The vasectomy procedure:
Vasectomy is generally performed in the office. The procedure takes about 30 minutes. Patients are given a local anesthetic and a sedative by mouth. No-scalpel vasectomy techniques have been popularized; however, the major difference of this technique is to use a sharp clamp, rather than a scalpel to make the skin opening. A portion of the vas is generally removed. The ends of the vas are clipped and sealed by heat (cauterized) to prevent auto-reversal. It takes about fifteen ejaculations to clean out all the residual sperm from the ejaculatory ducts. Two negative semen analyses are required after the procedure before patients are allowed to have unprotected relations.

Vasectomy and Prostate Cancer
In the past 10 years, there have been 14 major studies investigating a possible relationship between vasectomy and prostate cancer have been published. These studies were reviewed in the August, 1998 issue of Fertility and Sterility (Bernal-Delgado et al; p 191-200). Only 6 studies found a statistically significant association; however, all of the studies were found to have significant methodologic problems, especially the 6 studies.

Methodologic problems included bias in selection of study participants, in obtaining information about the participants and in confounding the vasectomy-prostate cancer relationship. For example, men who have their vasectomy performed by a urologist may be see a urologist more often than men who have not, and therefore may have an assymptomatic cancer picked up ealier. Studies of mortality after vasectomy suggest that men who undergo vasectomy in the US may in general, be healthier than their counterparts who do not (Giovannucci et al, NEJM 1992:326:1392).

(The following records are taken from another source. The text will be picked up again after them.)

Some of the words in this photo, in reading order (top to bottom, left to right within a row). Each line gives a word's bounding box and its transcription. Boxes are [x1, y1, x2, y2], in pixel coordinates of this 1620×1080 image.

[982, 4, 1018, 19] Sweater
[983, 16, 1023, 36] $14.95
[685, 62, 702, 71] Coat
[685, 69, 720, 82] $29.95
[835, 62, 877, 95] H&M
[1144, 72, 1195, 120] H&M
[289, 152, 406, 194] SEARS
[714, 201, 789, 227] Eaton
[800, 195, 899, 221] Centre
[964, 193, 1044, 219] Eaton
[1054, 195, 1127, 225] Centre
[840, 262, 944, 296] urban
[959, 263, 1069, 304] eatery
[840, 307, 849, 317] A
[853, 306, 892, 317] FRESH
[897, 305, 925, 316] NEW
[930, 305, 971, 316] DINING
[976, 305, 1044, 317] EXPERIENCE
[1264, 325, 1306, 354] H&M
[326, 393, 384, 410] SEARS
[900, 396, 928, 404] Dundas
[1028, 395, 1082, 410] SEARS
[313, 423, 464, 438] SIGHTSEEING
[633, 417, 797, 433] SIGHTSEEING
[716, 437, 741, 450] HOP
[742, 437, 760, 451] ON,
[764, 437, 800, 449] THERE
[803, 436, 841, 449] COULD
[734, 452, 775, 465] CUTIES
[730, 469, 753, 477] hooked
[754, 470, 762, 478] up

Finally, there is little evidence for a possible biologic explanation as to why the 2 might be associated. For example, vasectomy has been reported to increase serum testosterone, but such increases are small if they occur at all and serum levels stay within the normal range. Antisperm antibodies are also generated after vasectomy; however any implication of their role in initiating carcinogenesis is yet to be proven.

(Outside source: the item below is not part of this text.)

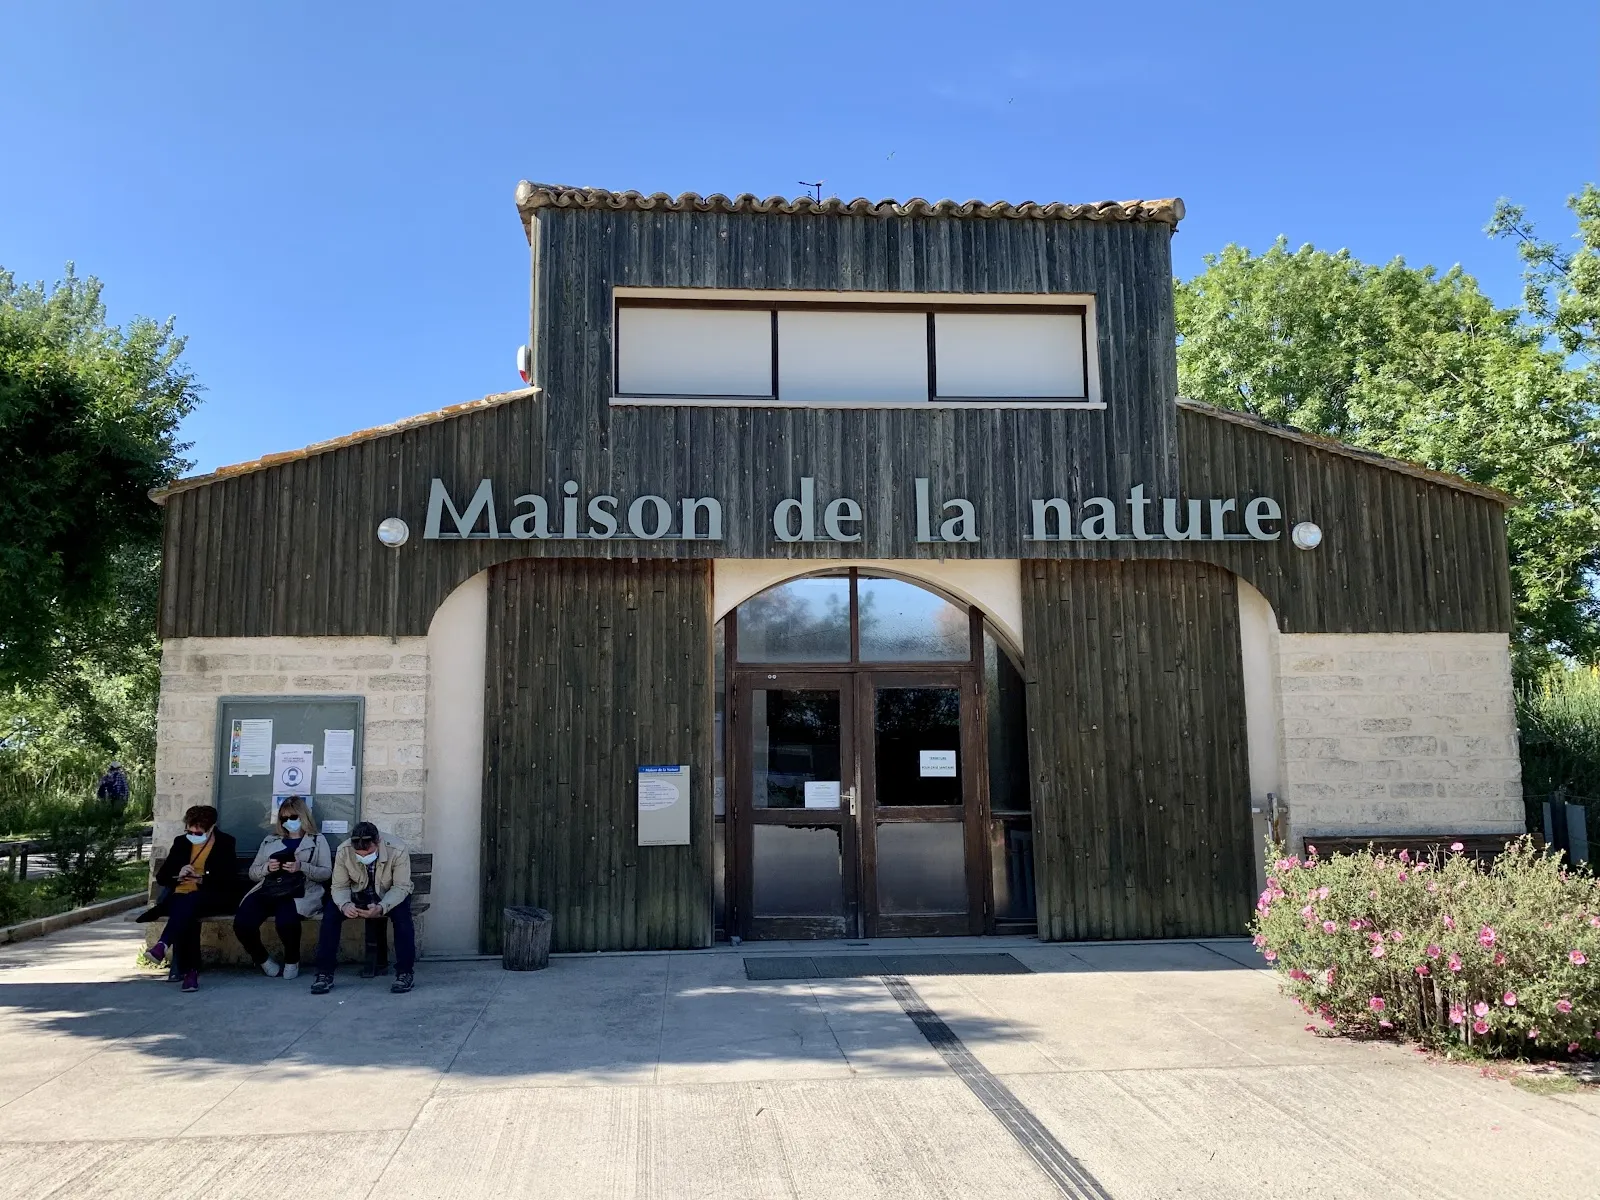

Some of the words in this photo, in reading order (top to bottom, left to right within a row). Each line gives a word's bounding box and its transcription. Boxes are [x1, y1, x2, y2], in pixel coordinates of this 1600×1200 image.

[423, 478, 723, 541] Maison
[774, 477, 862, 542] de
[914, 478, 980, 542] la
[1032, 483, 1282, 541] nature

The Controversy about the possible association began with a hospital based case control study. 220 men diagnosed with prostate cancer were compared with 2 control groups: one group consisted of men admitted for taurma or appendicitis. Comparison with this group revealed a relative risk of 5.3; there is an obvious confounding variable, here, in that the control group might be inappropriate because of the tendency to include younger patients or patients who might not seek vasectomy. (Guess HA: Am J Epidemiol, 1990:132:1062)

Sidney et al performed a cohort study of members o the Northern California Kaiser Permanente Medical Care Program. The study compared 5332 men with a history of vasectomy with 3 times as many non-vasectomized men match for age race marital status and date and location of the examination. The relative risk discovered for the 2 groups was 1.0. However, Giovannucci subsequently reported 2 cohort studies revealing an increased relative risk for vasectomized men. One study was a retrospective review based on husbands of women in the Nurse's' health study. The history of vasectomy and of cancer was obtained from the wives. 29214 subjects were involved with study and a relative risk of 1.6 was reported for vasectomized individuals.

Publication of the 2 Giovannucci studies prompted the NIH to convene an expert panel to provide recommendations to clinicians and public health authorities based on all available biologic and epidemiologic evidence concerning vasectomy and prostate cancer. The panel concluded that the associations that have been found are weak and that detection bias cannot be ruled out. They reported the following conclusions (Healy B: JAMA 1993;269:2620)

  1. Health-care providers should continue to offer vasectomy and perform the procedure
  2. Vasectomy reversal is not warranted to prevent prostate cancer.
  3. Screening for prostate cancer should not be any different for men who have had a vasectomy than for those who have not.